The paper makes three main contributions that form a coherent research narrative. First, it formalizes the workflow optimization problem, generalizing prior approaches as specific cases within a unified framework. This theoretical foundation establishes a common language for future research at both the node and workflow optimization levels. Second, it introduces AFLOW, an MCTS-based method that automatically discovers effective workflows across multiple domains with minimal human intervention. The framework's novelty lies in its soft mixed-probability selection mechanism, LLM-driven expansion, and experience backpropagation — all designed to handle the unique challenges of workflow search. Third, it provides extensive empirical evaluation across six benchmark datasets spanning question answering, code generation, and mathematical reasoning.

The experimental results are striking. AFLOW achieves an average improvement of 5.7% over state-of-the-art manually designed methods and surpasses existing automated approaches by 19.5%. Perhaps most surprisingly, workflows generated by AFLOW enable smaller models like GPT-4o-mini to outperform GPT-4o on specific tasks at merely 4.55% of the inference cost. This cost-performance breakthrough has profound implications for democratizing access to high-performance agentic systems, removing the barrier that previously restricted effective workflows to expensive, manually designed implementations.

Readers should care about this work because it represents a significant step toward fully automated agentic workflow generation. By eliminating the need for manual workflow design, AFLOW opens the door to scalable deployment across countless domains and tasks. The framework's ability to discover workflows that outperform human-designed alternatives challenges the assumption that human expertise is always superior in structuring LLM interactions. Moreover, the cost efficiency gains suggest a paradigm shift where smaller, cheaper models can achieve superior performance through better workflow design, potentially reshaping economic incentives in the AI industry.

理论框架 (Theoretical Framework)

The intellectual lineage of AFLOW traces through multiple converging research streams.
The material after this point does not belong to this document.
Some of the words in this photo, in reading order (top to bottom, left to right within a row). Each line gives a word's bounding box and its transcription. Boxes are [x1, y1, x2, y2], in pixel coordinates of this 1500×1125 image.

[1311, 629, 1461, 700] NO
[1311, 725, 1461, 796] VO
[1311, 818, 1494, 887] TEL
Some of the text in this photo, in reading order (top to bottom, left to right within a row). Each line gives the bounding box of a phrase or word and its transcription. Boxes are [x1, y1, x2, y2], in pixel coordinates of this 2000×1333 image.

From the perspective of automated machine learning, the work builds upon the tradition of AutoML, where the goal is to automate the design of machine learning pipelines. Just as AutoML systems like Auto-Sklearn search over preprocessing, model, and hyperparameter configurations, AFLOW searches over workflow structures. From the reinforcement learning perspective, AFLOW draws inspiration from MCTS, a method that has achieved remarkable success in game playing from AlphaGo to complex board games. The application of MCTS to workflow optimization represents a novel transfer of game-playing search strategies to the domain of LLM orchestration.

The theoretical foundation rests on the formalization of an agentic workflow as a series of LLM-invoking nodes connected by edges. Each node $N_{i}$ represents a specific operation performed by an LLM and is characterized by four parameters: the model $M$ , the prompt $P$ , the temperature $τ$ , and the output format $F$ . The search space $S$ encompasses all possible configurations of these node parameters and edge structures, expressed formally as $S = {(N, E) ∣ E \in E}$ , where $N = {N (M, τ, P, F) ∣ M \in M, τ \in [0, 1], P \in P, F \in F}$ . This formulation transforms workflow optimization into a search process where an algorithm $A$ explores space $S$ to determine the optimal workflow configuration $W^{*}$ that maximizes the evaluation function $G$ for a given task $T$ : $W^{*} = \arg max_{W \in S} G (W, T)$ .
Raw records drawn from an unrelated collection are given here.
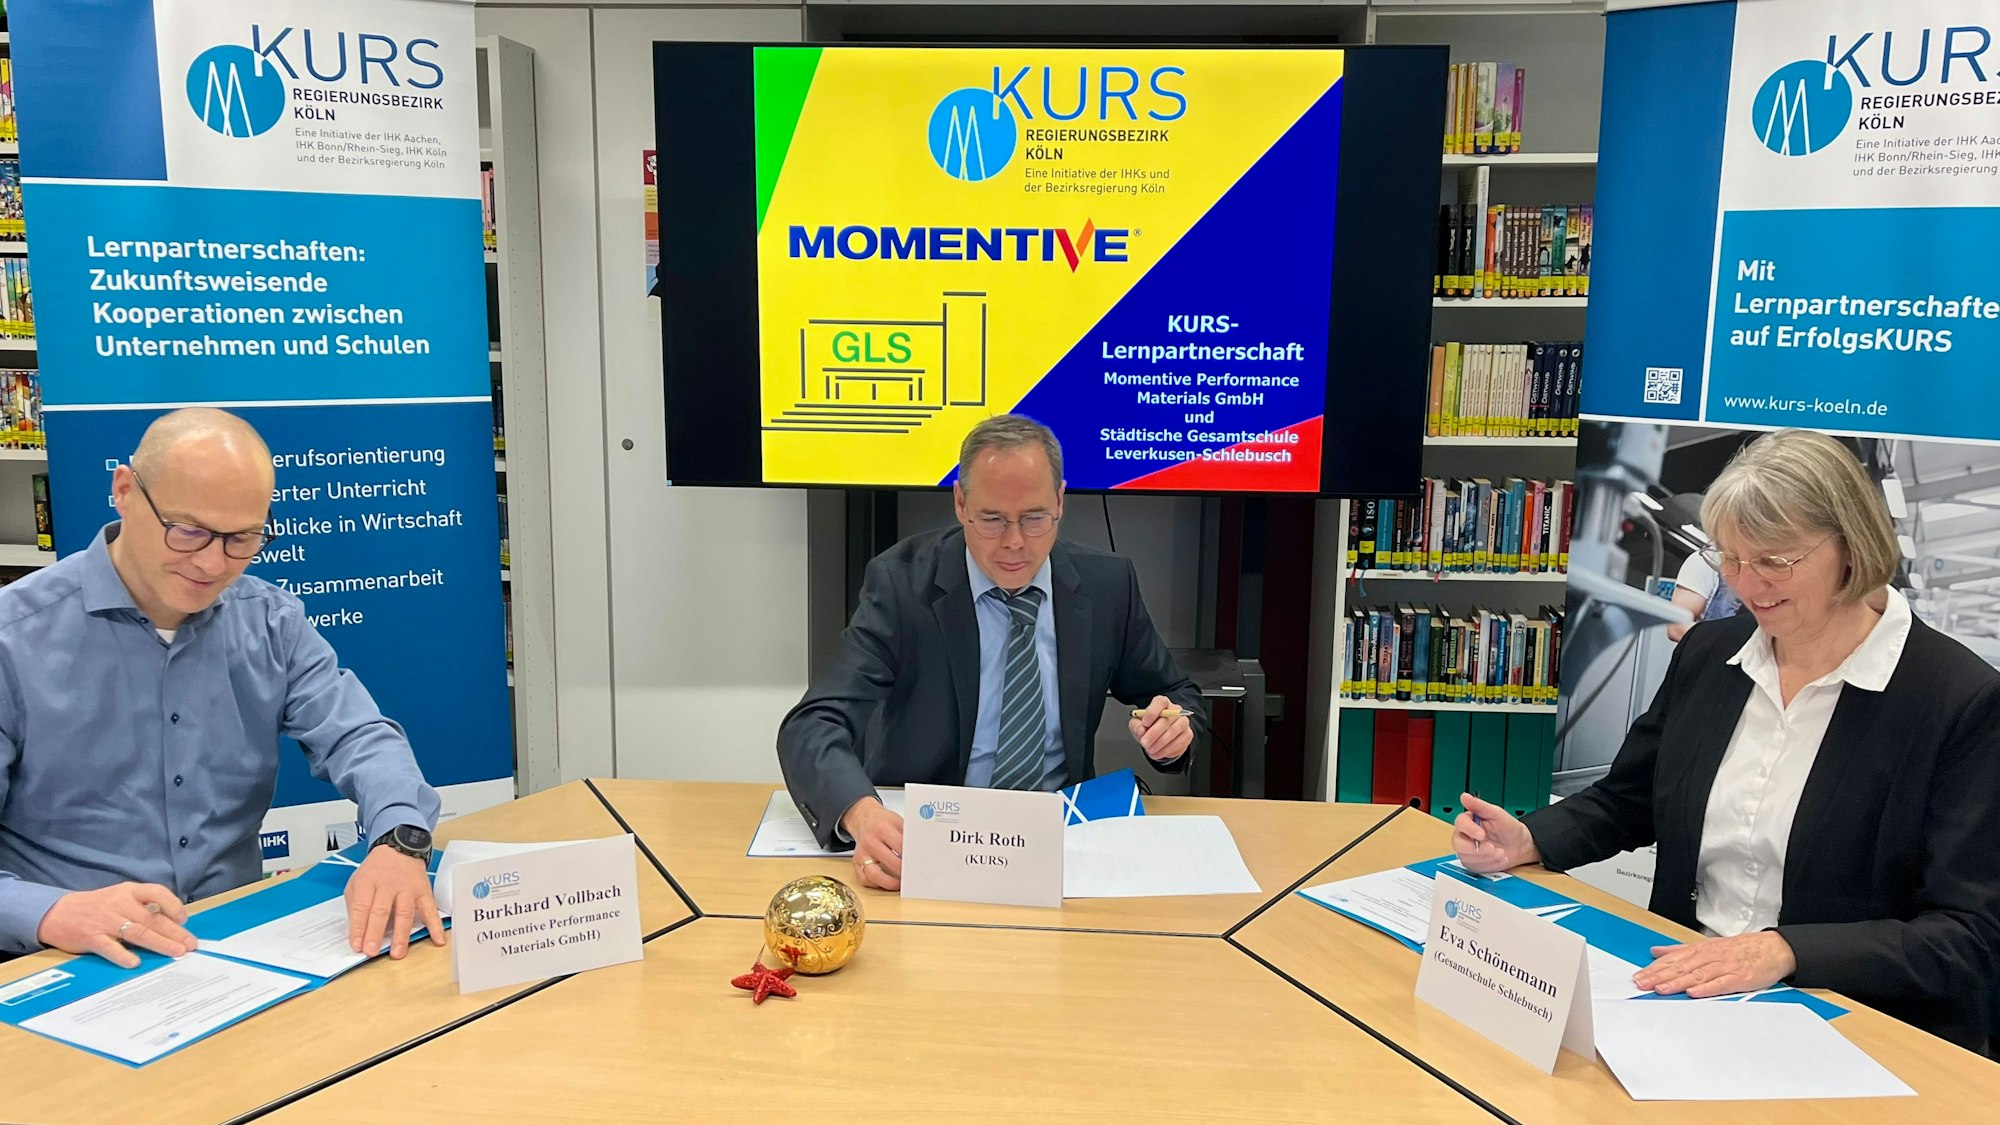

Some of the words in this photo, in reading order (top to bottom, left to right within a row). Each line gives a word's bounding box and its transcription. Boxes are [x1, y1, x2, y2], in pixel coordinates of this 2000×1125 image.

[252, 24, 444, 89] KURS
[1824, 26, 2000, 90] KUR
[293, 88, 443, 110] REGIERUNGSBEZIRK
[993, 66, 1186, 121] KURS
[294, 105, 335, 121] KÖLN
[1858, 114, 1904, 130] KÖLN
[295, 128, 316, 139] Eine
[319, 129, 361, 141] Initiative
[364, 132, 381, 141] der
[384, 132, 401, 142] IHK
[404, 134, 441, 145] Aachen,
[1026, 129, 1169, 142] REGIERUNGSBEZIRK
[1856, 139, 1879, 148] Eine
[1883, 137, 1930, 148] Initiative
[1934, 136, 1952, 147] der
[1956, 136, 1978, 145] IHK
[296, 141, 314, 151] IHK
[317, 141, 403, 157] Bonn/Rhein-Sieg,
[406, 146, 423, 156] IHK
[426, 147, 447, 157] Köln
[1026, 145, 1063, 161] KÖLN
[1854, 152, 1875, 162] IHK
[1878, 150, 1977, 162] Bonn/Rhein-Sieg,
[1981, 149, 2000, 159] IHK
[297, 153, 315, 163] und
[318, 154, 335, 164] der
[339, 155, 421, 169] Bezirksregierung
[424, 158, 445, 169] Köln
[1853, 167, 1874, 176] und
[1877, 166, 1895, 176] der
[1899, 164, 1997, 176] Bezirksregierung
[1026, 168, 1047, 178] Eine
[1051, 168, 1096, 179] Initiative
[1100, 168, 1117, 178] der
[1121, 168, 1146, 179] IHKs
[1150, 168, 1170, 178] und
[1025, 182, 1041, 192] der
[1046, 182, 1137, 195] Bezirksregierung
[1141, 182, 1165, 193] Köln
[87, 236, 365, 262] Lernpartnerschaften:
[1737, 260, 1775, 281] Mit
[89, 270, 327, 293] Zukunftsweisende
[93, 304, 284, 327] Kooperationen
[292, 305, 403, 324] zwischen
[1168, 315, 1239, 333] KURS-
[95, 336, 275, 357] Unternehmen
[283, 335, 327, 355] und
[335, 335, 429, 355] Schulen
[832, 331, 912, 363] GLS
[1731, 326, 1770, 346] auf
[1777, 326, 1952, 354] ErfolgsKURS
[1102, 341, 1304, 364] Lernpartnerschaft
[1104, 372, 1191, 388] Momentive
[1197, 372, 1299, 388] Performance
[1138, 391, 1210, 405] Materials
[1215, 391, 1264, 405] GmbH
[1725, 396, 1888, 416] www.kurs-koeln.de
[1185, 410, 1214, 424] und
[1100, 428, 1181, 443] Städtische
[1187, 429, 1298, 445] Gesamtschule
[272, 447, 445, 468] erufsorientierung
[1106, 447, 1292, 462] Leverkusen-Schlebusch
[271, 485, 321, 502] erter
[327, 478, 427, 500] Unterricht
[262, 516, 332, 536] nblicke
[340, 516, 356, 532] in
[361, 509, 462, 530] Wirtschaft
[1542, 506, 1551, 534] TITANIC
[252, 545, 305, 564] swelt
[276, 569, 443, 595] Zusammenarbeit
[308, 608, 363, 628] werke
[930, 801, 960, 811] KURS
[263, 834, 287, 848] IHK
[950, 829, 985, 846] Dirk
[990, 832, 1026, 848] Roth
[965, 855, 1008, 868] (KURS)
[484, 872, 519, 887] KURS
[474, 897, 549, 922] Burkhard
[555, 885, 621, 907] Vollbach
[1455, 898, 1481, 919] KURS
[477, 922, 546, 944] (Momentive
[549, 909, 620, 930] Performance
[500, 940, 555, 956] Materials
[559, 930, 600, 946] GmbH)
[1439, 925, 1464, 950] Eva
[1468, 939, 1558, 999] Schönemann
[1434, 950, 1496, 991] (Gesamtschule
[1498, 983, 1553, 1023] Schlebusch)
The concept of edges deserves particular attention. The authors compare three representations: graphs, neural networks, and code. While graph structures offer flexibility for representing hierarchical and parallel relationships, they require complex extensions beyond basic DAGs to express conditional logic. Neural networks enable adaptive transitions but sacrifice precise control over execution. Code representation, chosen by AFLOW, inherently supports linear sequences, conditional logic, loops, and complex branching through standard programming constructs. This choice maximizes expressivity while maintaining executability — a crucial consideration when workflows must actually run and produce results.
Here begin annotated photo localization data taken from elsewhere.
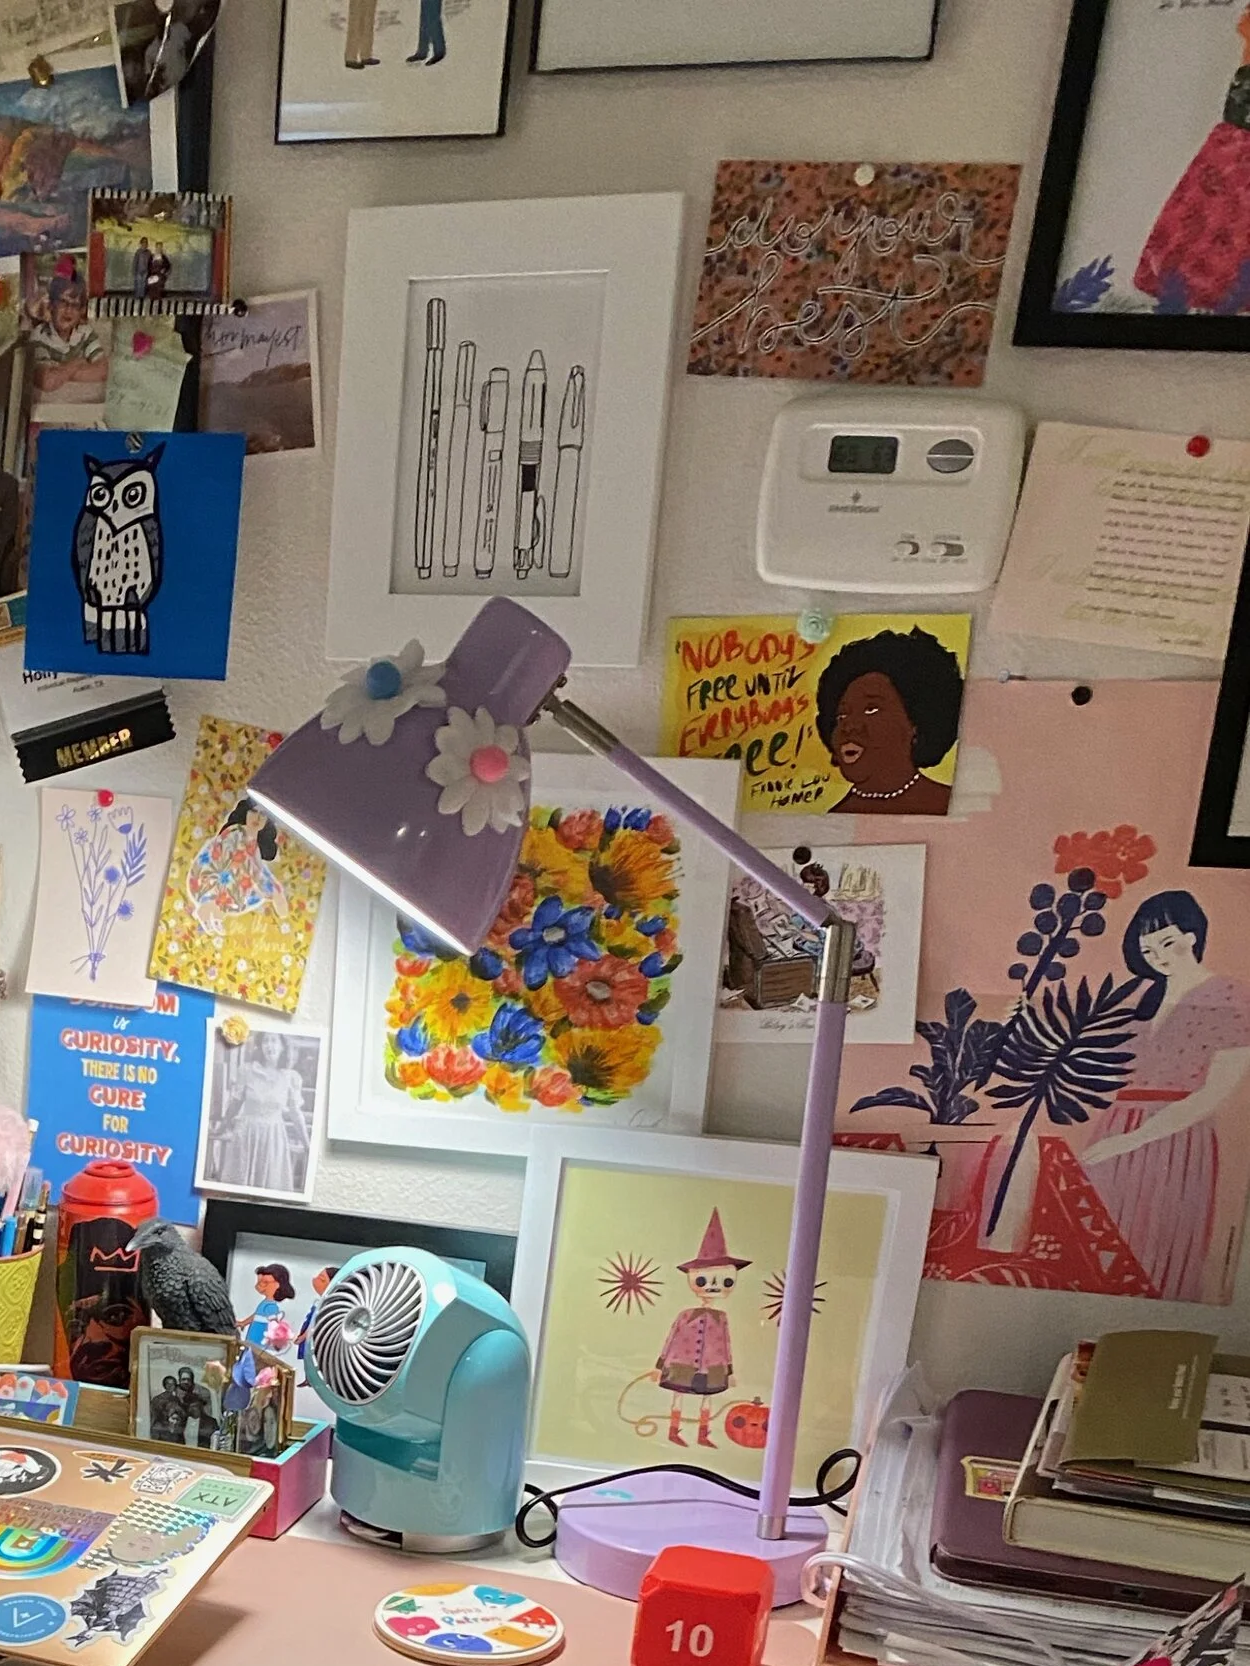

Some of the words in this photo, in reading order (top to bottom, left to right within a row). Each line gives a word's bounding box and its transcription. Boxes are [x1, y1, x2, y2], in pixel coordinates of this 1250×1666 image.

[704, 196, 834, 257] do
[834, 192, 1006, 285] your
[691, 250, 996, 359] best
[56, 728, 134, 768] MEMBER
[113, 1015, 131, 1031] is
[60, 1028, 181, 1064] CURIOSITY.
[81, 1057, 121, 1081] THERE
[122, 1064, 136, 1082] IS
[137, 1065, 158, 1085] NO
[89, 1083, 147, 1111] CURE
[102, 1113, 130, 1134] FOR
[56, 1132, 174, 1168] CURIOSITY
[192, 1491, 239, 1508] ATX
[665, 1619, 714, 1657] 10
To manage the vastness of this search space, AFLOW introduces operators — predefined, reusable combinations of nodes representing common agentic operations. These include Generate, Format, Review & Revise, Ensemble, Test, Programmer, and Custom. An operator encapsulates a pattern of nodes and edges that has proven effective across tasks, serving as a building block that constrains the search space to promising regions. The formal optimization problem incorporating operators becomes $S_{AFLOW} = {(P_{1}, \dots, P_{n}, E, O_{1}, \dots, O_{n}) ∣ P_{i} \in P, E \in E, O_{i} \in O}$ , where $O$ represents the set of available operators.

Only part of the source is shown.